Items from a dataset:
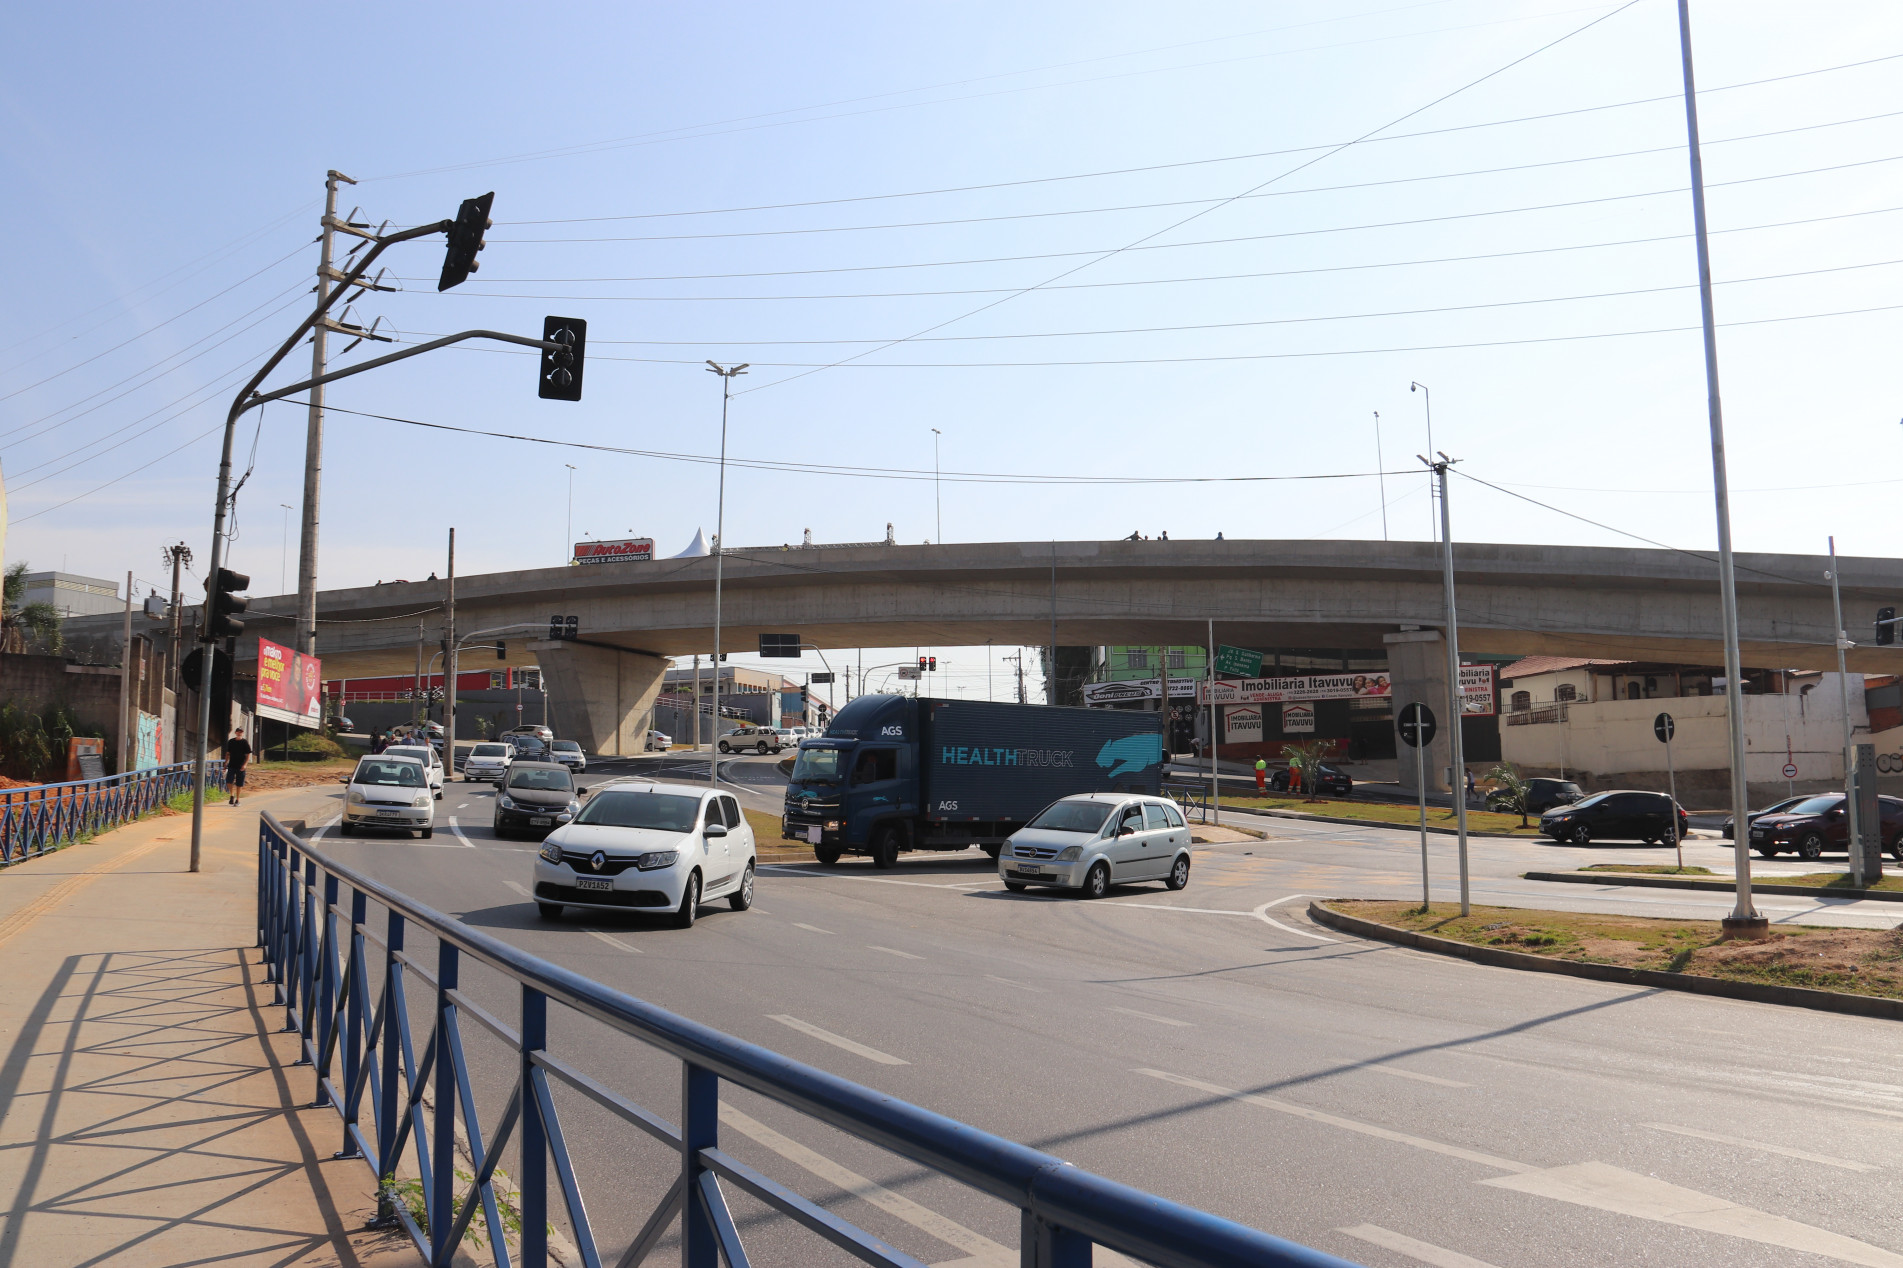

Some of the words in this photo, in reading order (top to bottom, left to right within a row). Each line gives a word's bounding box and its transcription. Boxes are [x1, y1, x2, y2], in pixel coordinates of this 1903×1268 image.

[592, 542, 650, 556] AutoZone
[606, 554, 649, 562] ACESSÓRIOS
[1242, 678, 1304, 691] Imobiliária
[1309, 677, 1352, 688] Itavuvu
[881, 726, 902, 736] AGS
[1231, 722, 1261, 730] ITAVUVU
[939, 800, 958, 810] AGS
[579, 881, 609, 890] PZV1A52
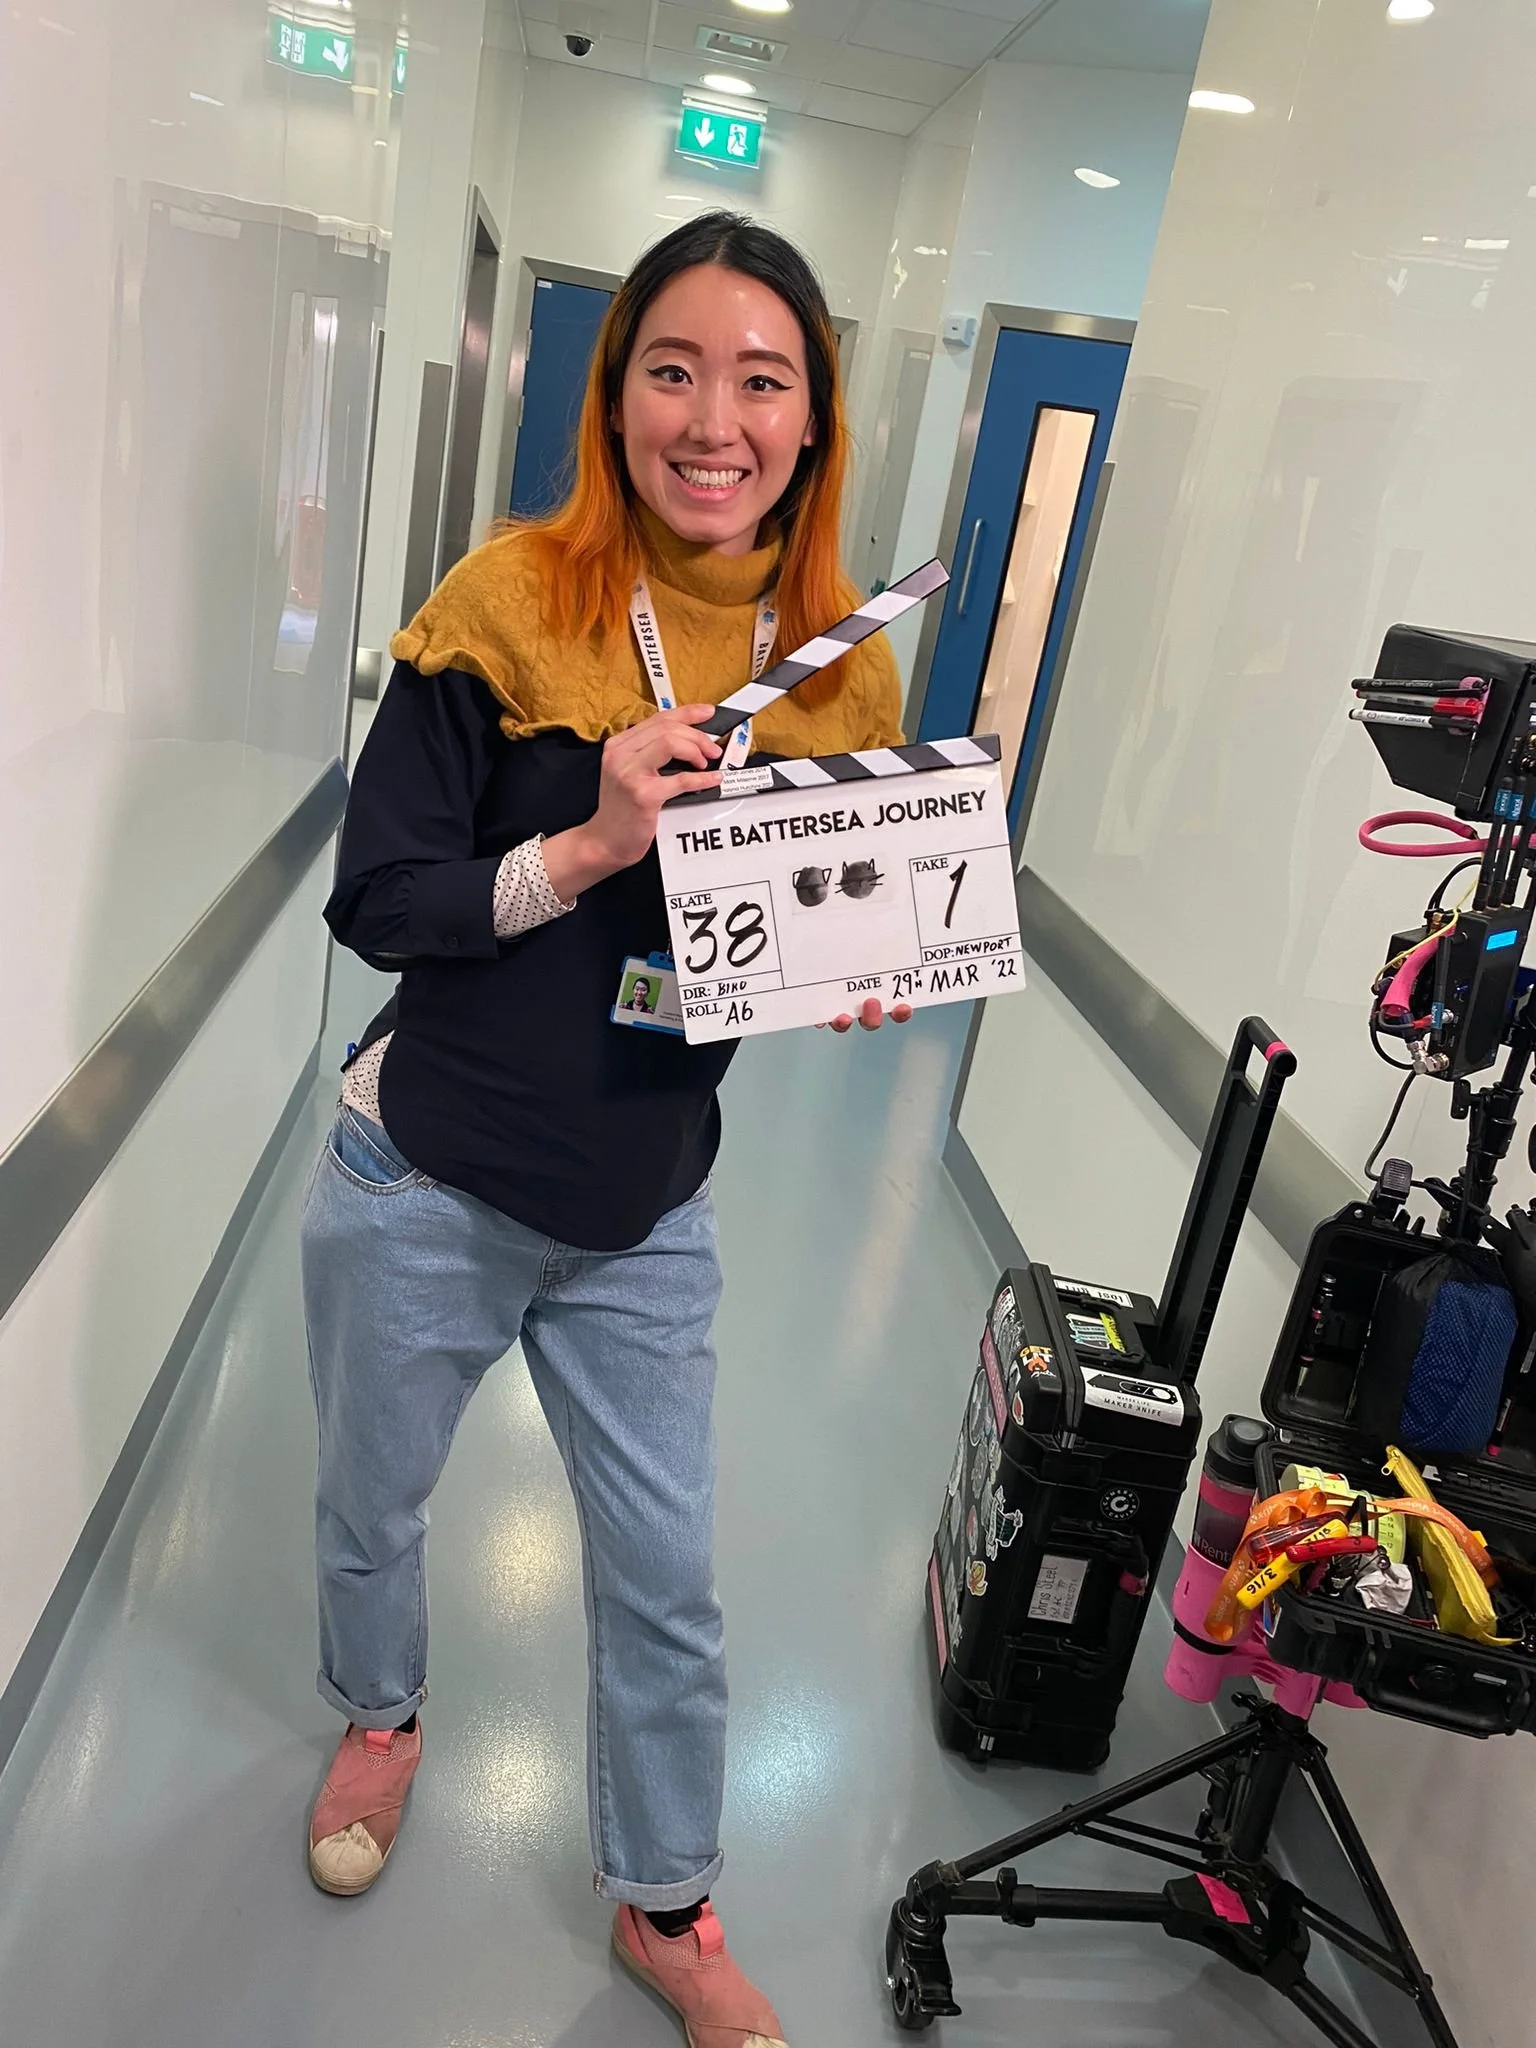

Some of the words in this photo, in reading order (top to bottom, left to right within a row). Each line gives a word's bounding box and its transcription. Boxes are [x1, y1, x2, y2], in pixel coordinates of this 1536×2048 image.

[637, 612, 664, 678] BATTERSEA
[676, 828, 723, 855] THE
[730, 808, 864, 848] BATTERSEA
[873, 790, 986, 828] JOURNEY
[912, 857, 949, 873] TAKE
[670, 893, 713, 910] SLATE
[944, 859, 968, 929] 1
[682, 901, 768, 974] 38
[924, 949, 955, 962] DOP:
[955, 936, 1013, 956] NEWPORT
[846, 977, 882, 993] DATE
[930, 963, 980, 993] MAR
[683, 986, 711, 1000] DIR:
[685, 1003, 723, 1019] ROLL
[725, 1000, 753, 1026] A6
[1019, 1345, 1053, 1358] GET
[1104, 1398, 1133, 1409] MAKER
[1246, 1567, 1278, 1595] 3/16
[1031, 1592, 1052, 1616] Chris

WHAT IS BEING ASKED: Retype all the data exactly, please, without pictures.

TASK RESULT:
Some of the words in this photo, in reading order (top to bottom, left to right within a row). Each line gives a word's bounding box and its transcription. Boxes are [x1, y1, x2, y2], in pixel coordinates of this 1903×1268 image.

[592, 542, 650, 556] AutoZone
[606, 554, 649, 562] ACESSÓRIOS
[1242, 678, 1304, 691] Imobiliária
[1309, 677, 1352, 688] Itavuvu
[881, 726, 902, 736] AGS
[1231, 722, 1261, 730] ITAVUVU
[939, 800, 958, 810] AGS
[579, 881, 609, 890] PZV1A52

Some of the words in this photo, in reading order (top to bottom, left to right within a row). Each line gives a word's bounding box and its transcription. Boxes are [x1, y1, x2, y2], in pixel coordinates of this 1536×2048 image.

[637, 612, 664, 678] BATTERSEA
[676, 828, 723, 855] THE
[730, 808, 864, 848] BATTERSEA
[873, 790, 986, 828] JOURNEY
[912, 857, 949, 873] TAKE
[670, 893, 713, 910] SLATE
[944, 859, 968, 929] 1
[682, 901, 768, 974] 38
[924, 949, 955, 962] DOP:
[955, 936, 1013, 956] NEWPORT
[846, 977, 882, 993] DATE
[930, 963, 980, 993] MAR
[683, 986, 711, 1000] DIR:
[685, 1003, 723, 1019] ROLL
[725, 1000, 753, 1026] A6
[1019, 1345, 1053, 1358] GET
[1104, 1398, 1133, 1409] MAKER
[1246, 1567, 1278, 1595] 3/16
[1031, 1592, 1052, 1616] Chris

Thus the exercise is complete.